• ABOUT THIS TASK: Print each entry again exactly as written, and keep the pictures out.
····················
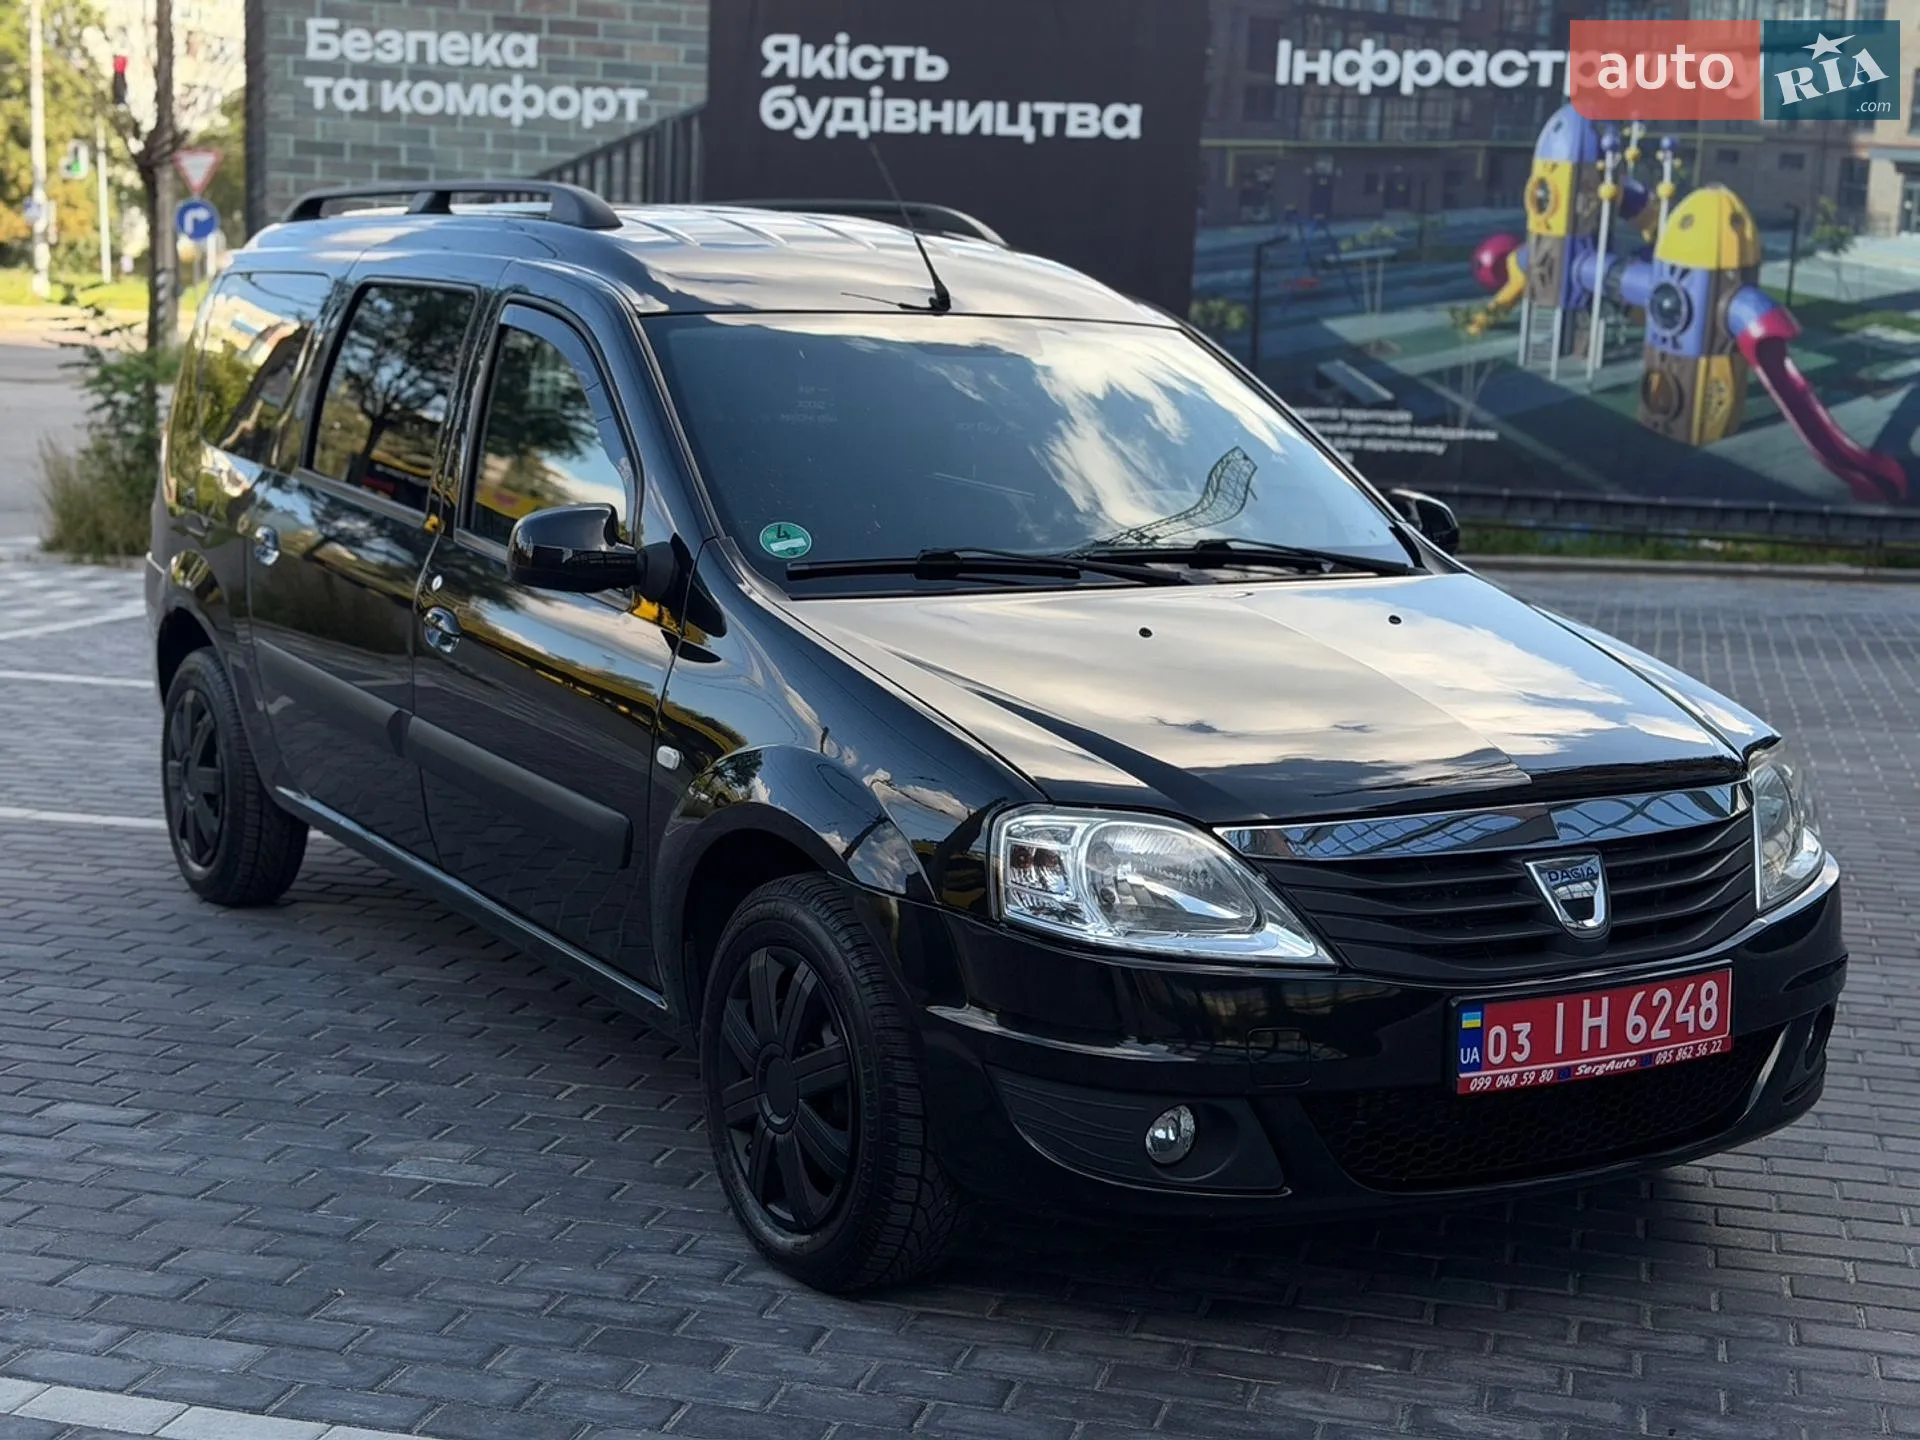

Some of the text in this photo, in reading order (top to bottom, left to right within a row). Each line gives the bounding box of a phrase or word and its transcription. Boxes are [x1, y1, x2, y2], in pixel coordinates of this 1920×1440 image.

[305, 17, 539, 68] Безпека
[760, 32, 950, 82] Якість
[303, 74, 649, 129] та комфорт
[759, 84, 1143, 144] будівництва
[1547, 865, 1598, 882] DACIA
[1486, 1021, 1532, 1065] 03
[1625, 980, 1719, 1045] 6248
[1460, 1047, 1480, 1065] UA
[1575, 1057, 1637, 1076] SergAuto
[1675, 1046, 1694, 1062] 862
[1469, 1076, 1492, 1092] 099
[1520, 1071, 1536, 1086] 59
[1539, 1069, 1555, 1084] 80
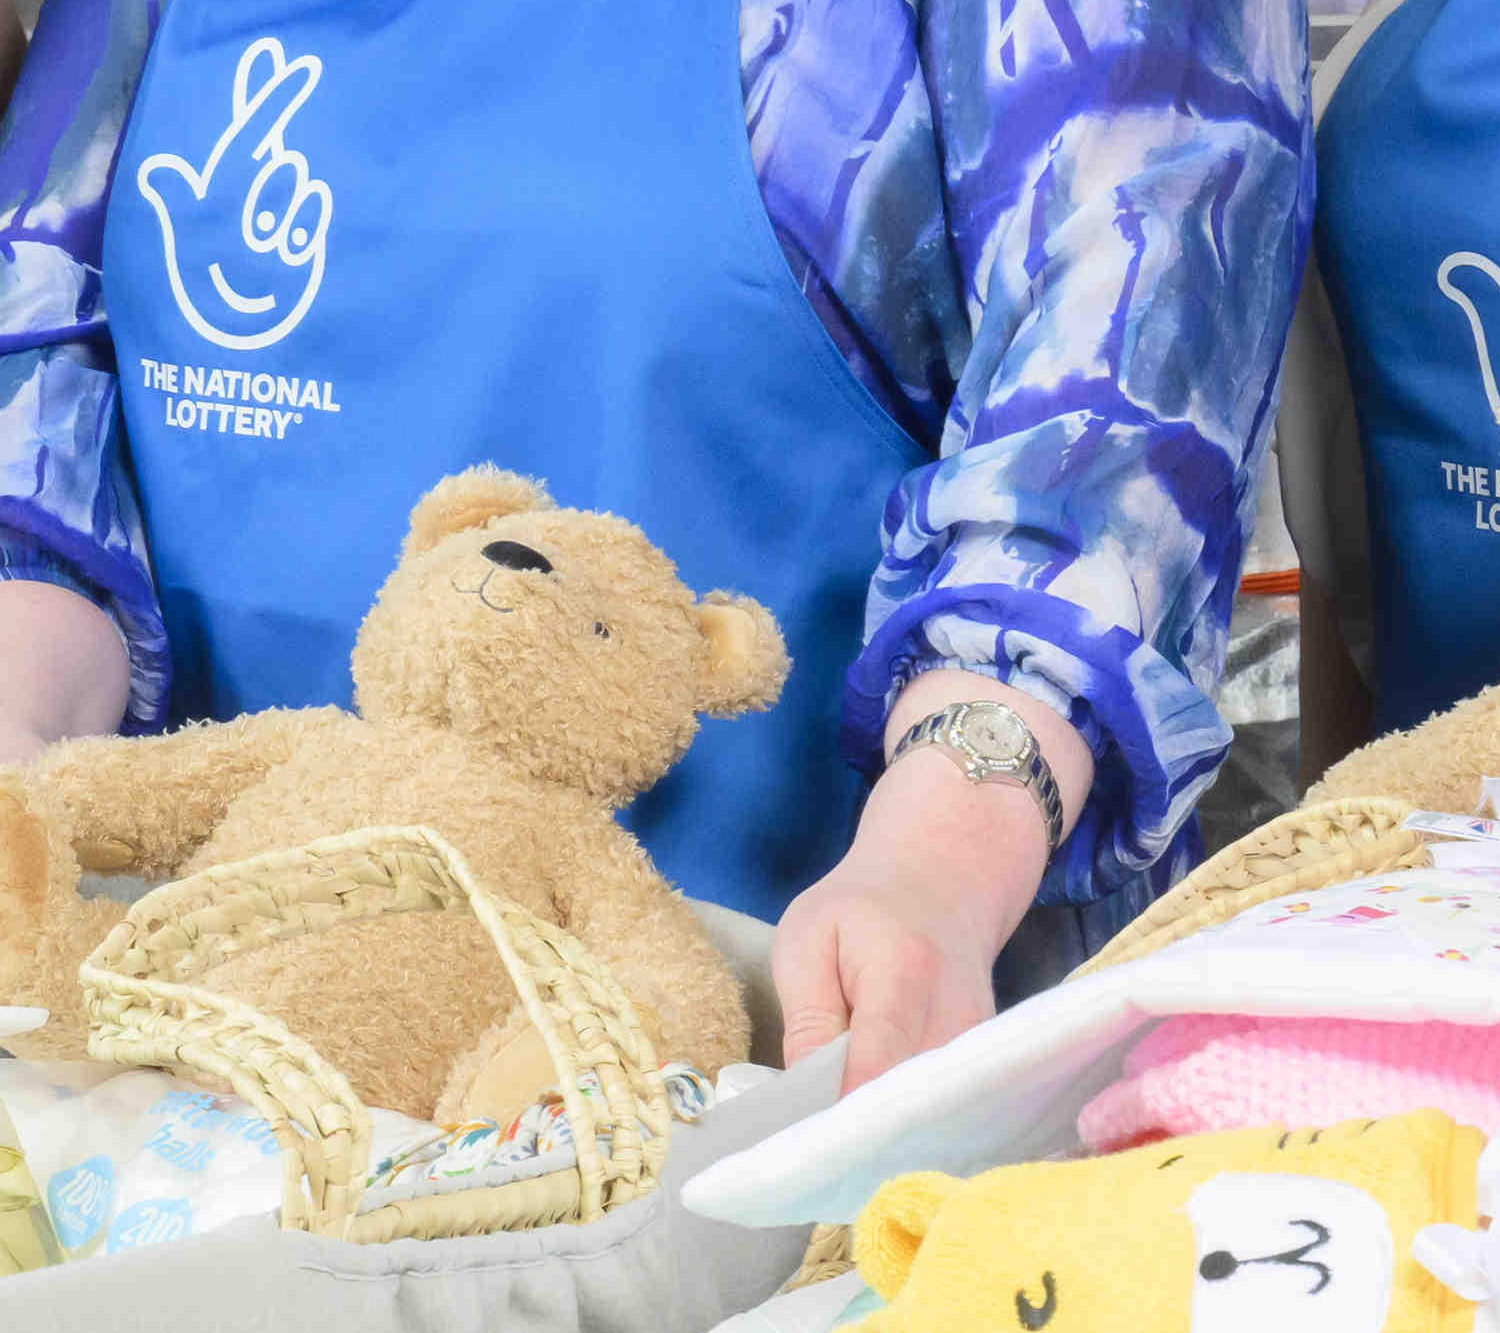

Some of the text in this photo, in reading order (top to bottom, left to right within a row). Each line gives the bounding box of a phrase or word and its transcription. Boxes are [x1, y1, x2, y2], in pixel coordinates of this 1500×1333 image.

[140, 358, 341, 412] THE NATIONAL
[1440, 461, 1491, 497] THE
····················
• WRITTEN SOLUTION:
Some of the text in this photo, in reading order (top to bottom, left to right within a row). Each line gives the bounding box of a phrase or word and its transcription. Boxes are [x1, y1, x2, y2], in pixel coordinates of this 1920×1440 image.

[305, 17, 539, 68] Безпека
[760, 32, 950, 82] Якість
[303, 74, 649, 129] та комфорт
[759, 84, 1143, 144] будівництва
[1547, 865, 1598, 882] DACIA
[1486, 1021, 1532, 1065] 03
[1625, 980, 1719, 1045] 6248
[1460, 1047, 1480, 1065] UA
[1575, 1057, 1637, 1076] SergAuto
[1675, 1046, 1694, 1062] 862
[1469, 1076, 1492, 1092] 099
[1520, 1071, 1536, 1086] 59
[1539, 1069, 1555, 1084] 80

Some of the text in this photo, in reading order (top to bottom, left to right within a row). Each line gives the bounding box of a phrase or word and its transcription. Boxes are [x1, y1, x2, y2], in pixel coordinates of this 1500×1333 image.

[140, 358, 341, 412] THE NATIONAL
[1440, 461, 1491, 497] THE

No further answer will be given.